According to the news published in MyRepublica, on paper, we are an agricultural country, with 68 percent of the population dependent on it. In reality, the country has to import large quantities of cereals, vegetables and fruits it consumes. The main reason is the drastic reduction in the output of our farms, thanks to the massive outmigration of young people to work abroad, who would otherwise be tilling their fields. With no food grains, and even fewer vegetables and fruits grown locally, the unhealthy instant noodles are all rage in our villages. Widespread flooding this August in Tarai-Madhes, the country’s traditional ‘bread basket’, decimated what little was growing in the fields. Since these foods have to travel long distances to arrive at Nepali markets, the prices of daily consumables like fruits and vegetables are also increasing alarmingly.
According to a recent survey of World Food Programme, the prices of daily edibles in Nepal, assuming comparable incomes, are among the highest in the world. Food items in Nepal are nearly twice as pricey compared to Pakistan and three times as pricey compared to India. Nepali economists attribute such inflated food prices to easy money from remittance and increase in wage rates, thanks to an acute labour shortage. The risk is that soon a big segment of the population—26.1 percent of the youth aged 15-29, for instance, is unemployed—could be priced out of the Nepali food market. The country is still far way off from having a famine. But, with the current level of food inflation, cases of under-nutrition and malnutrition could steadily increase, significantly impacting the health and wellbeing of millions of Nepalese.
According to the news published in The Express Tribune, the Global Nutrition Report 2017 — which tracks global nutrition targets including national progress against globally agreed targets for maternal, infant and young child nutrition (MIYCN) — showed that Nepal 13.1 per cent on nutrition interventions.
The report’s analysis shows that 88 per cent of countries face a serious burden of either two or three forms of malnutrition – childhood stunting, anaemia in women of reproductive age and or overweight adult women.

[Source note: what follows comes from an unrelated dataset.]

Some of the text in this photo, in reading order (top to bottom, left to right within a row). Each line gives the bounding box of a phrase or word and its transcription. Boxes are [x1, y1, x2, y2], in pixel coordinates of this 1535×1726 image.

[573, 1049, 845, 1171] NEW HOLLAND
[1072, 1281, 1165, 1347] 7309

Moreover, it notes that no country in the world is on track to meet targets to reduce anaemia among women of reproductive age, with the number of anaemic women actually increasing since 2012. In the 140 countries studied, the report found ‘significant burdens’ of three important forms of malnutrition used as an indicator of broader trends including childhood stunting — children too short for their age due to lack of nutrients, suffering irreversible damage to brain capacity; anaemia in women of reproductive age — a serious condition that can have long-term health impacts for mother and child; and overweight adult women — a rising concern as women are disproportionately affected by the global obesity epidemic.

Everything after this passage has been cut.